O fato é que a Ester desaba por completo: até as rugas do seu rosto tornam-se mais profundas por conta das lágrimas que as navegam como rios caudalosos. Neste momento, curiosamente, lembra da Nora, da sua vulnerabilidade, e deseja ligar pra ela, gritar que ela não está sozinha, que ninguém está imune a decepção.
Toca o telefone. Ester não atende, levanta-se e vai ao banheiro pra lavar o rosto. O telefona toca de novo. Desta vez a Ester atende.
- Alô, diz com a voz rouca
- Oi lindona, tudo bom? Tá com a voz estranha...

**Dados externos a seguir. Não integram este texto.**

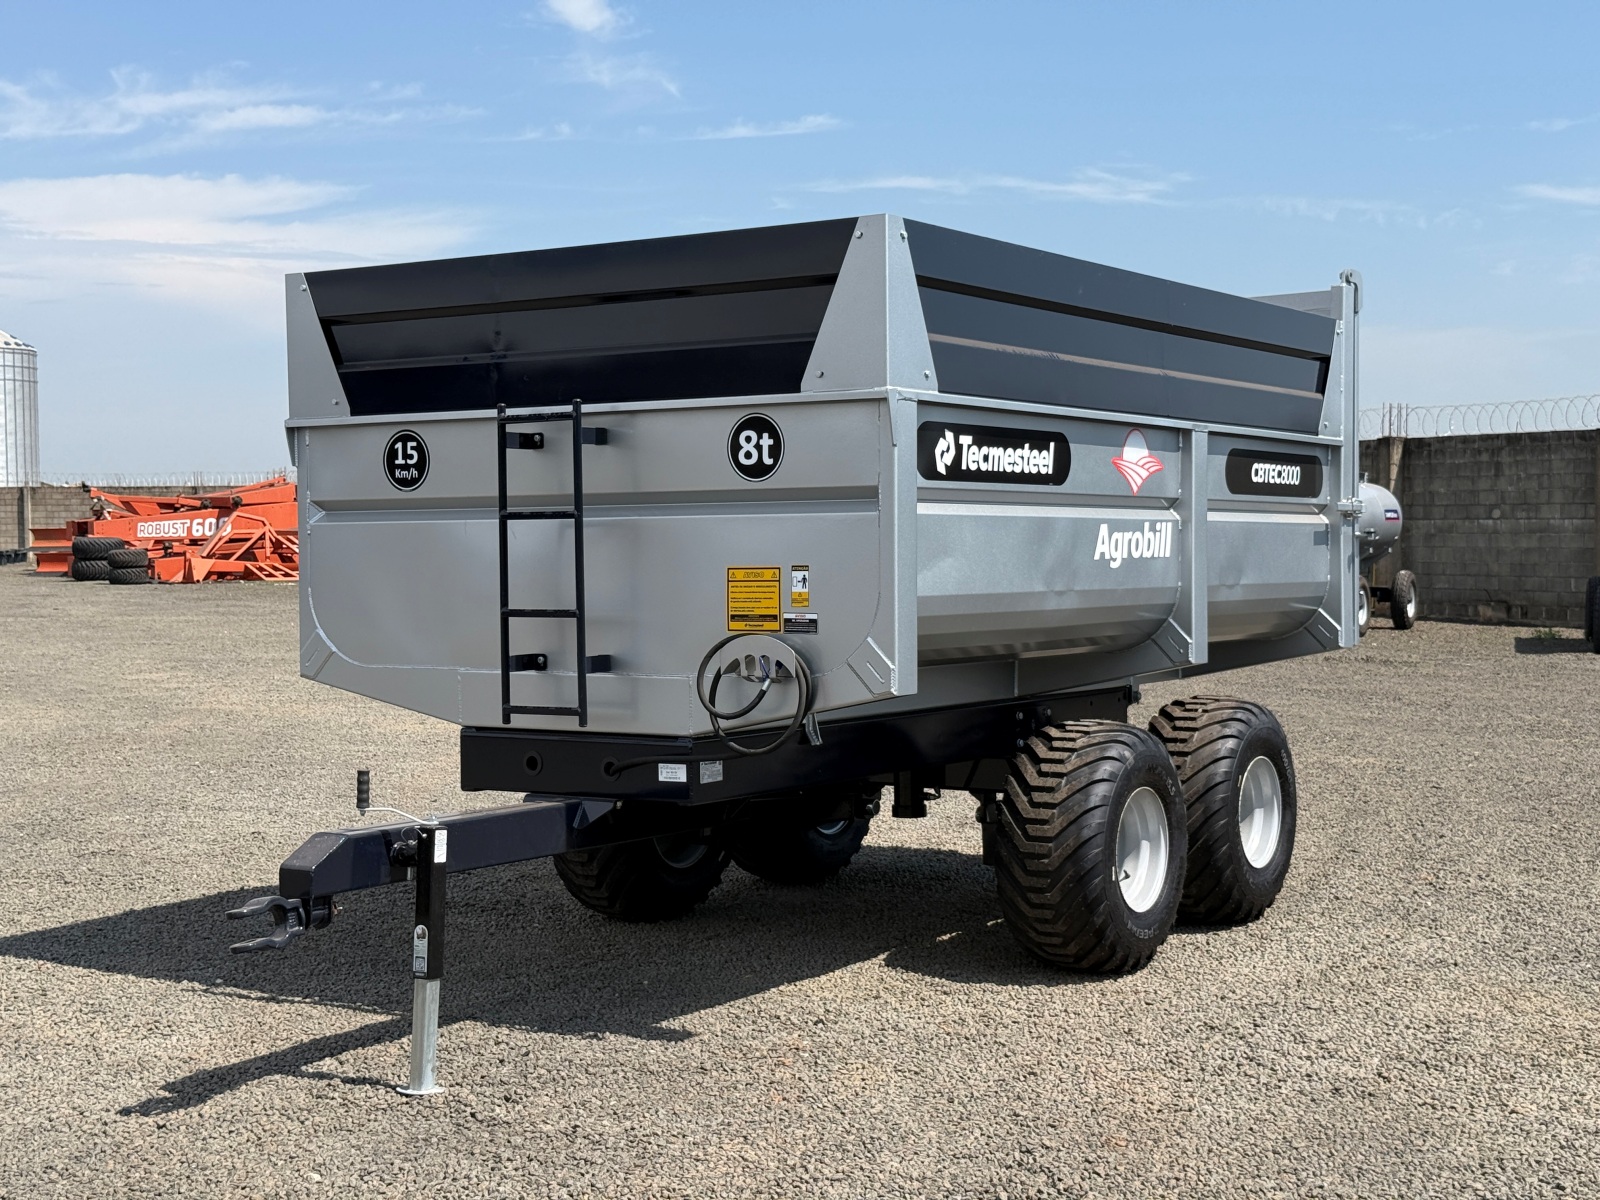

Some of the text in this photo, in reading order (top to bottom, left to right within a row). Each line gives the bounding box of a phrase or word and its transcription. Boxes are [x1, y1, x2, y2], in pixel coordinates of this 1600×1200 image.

[394, 441, 419, 465] 15
[738, 429, 774, 466] 8t
[958, 434, 1055, 475] Tecmesteel
[395, 467, 419, 480] Km/h
[1251, 462, 1301, 486] CBTEC8000
[137, 520, 190, 537] ROBUST
[1093, 521, 1173, 569] Agrobill
[743, 571, 765, 579] AVISO

- Oi amiga, desculpa, tô bem chateada viu... Recebi um email da minha chefe dizendo que ela cometeu um erro ao me afirmar que o salário que me ofereceu não era líquido e sim bruto.
- Quê?! Ui... então isso significa que você vai ganhar bem menos do que esperava, né? Quanto é o que descontam mesmo de INSS, IRPF, etc?
- 39% mais ou menos...
- Nossa! Pra que depois os nossos políticos, corruptos, roubem tudo no lugar de investir em educação e saúde. Ai, quê vergonha Senhor! Lamenta Nikito.

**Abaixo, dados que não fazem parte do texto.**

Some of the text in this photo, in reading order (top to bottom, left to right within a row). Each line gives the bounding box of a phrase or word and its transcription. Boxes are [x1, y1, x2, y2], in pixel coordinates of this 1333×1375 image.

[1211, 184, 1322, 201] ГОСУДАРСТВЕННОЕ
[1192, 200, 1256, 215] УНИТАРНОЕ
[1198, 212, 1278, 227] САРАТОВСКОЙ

-Bom, mas agora o importante é entender a sua situação amiga, o que você vai fazer? Vai voltar  para o Brasil mesmo assim?
Ester,  primeiro diz não saber, logo xinga a sua chefe, a sua empresa, brama frases desconectas, até que, subjugando sua própria indignação, acaba por afirmar que não tem mais remédio que aceitar e se cala. Nikito fica em silêncio, esperando uma nova rajada de palavras doloridas e terapêuticas.  E, efetivamente, ela continua. 

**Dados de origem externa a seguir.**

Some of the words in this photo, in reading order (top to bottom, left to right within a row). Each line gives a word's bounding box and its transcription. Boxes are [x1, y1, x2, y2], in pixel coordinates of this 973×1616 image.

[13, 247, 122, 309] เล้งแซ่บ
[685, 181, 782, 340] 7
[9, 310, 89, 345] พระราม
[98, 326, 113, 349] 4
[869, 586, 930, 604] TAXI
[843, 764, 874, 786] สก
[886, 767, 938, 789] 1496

- Para quê tudo isso?! Afinal vou morar no Brasil ganhando pior que na Argentina. Não tem cabimento...

A Nikito propositalmente muda de assunto, compreendendo que a Ester não tem escolha e portanto é melhor não aprofundar no ocorrido.
- Como foi a aniversário do seu sobrinho? Vi algumas fotos postadas no Facebook. Ele estava muito fofo. É impressionante como o tempo passa... O vi nascer e ele já tá enorme menina!
- Pois é... Em pensar que há apenas um ano e meio ainda engatinhava. As crianças me estimulam muito: elas crescem, sem intenção, sem travas. Também sem volta atrás. O tempo é invencível...
- Invencível e relativo, Ester. O tempo também é filho das decisões individuais, das aprendizagens percebidas.
Ester medita por uns instantes e cita o que lhe ocorreu no parque
- Você sabe que eu sempre gostei de pedalar, da sensação do vento no meu rosto. Pois bem, há poucas horas, quando fui com a bicicleta passear no parque, senti desconforto por causa do vento, da liberdade indivisível que ele me produz. Uma forte angústia me possuiu, como se essas rajadas em vez de soprar-me pra frente, tentassem me derrubar da bicicleta, arrojando-me num abismo desconhecido. 
- Talvez porque o vento continue soprando, continue sendo um estímulo pra você, só que agora ele sopra em outra direção. Mas ninguém diz que isso é necessariamente ruim
- Bom, sentir angústia não é muito agradável...
- A febre não é prazerosa porém serve para indicar alguma infecção no corpo. Sem ela não haveria chance de mudar o curso da doença.
Ester se irrita bastante. Não está para bate papo karmático neste momento.
- Nikito, desculpe, mas agora eu só consigo sentir raiva. Sinto-me enganada. Quê diabo de febre é essa?! O que eu tenho é um mal milenário e humano, simples sintoma de uma injustiça...
- ok, compreendo. Mas lembre-se então dos motivos que te levaram a pedir a transferência para o Brasil.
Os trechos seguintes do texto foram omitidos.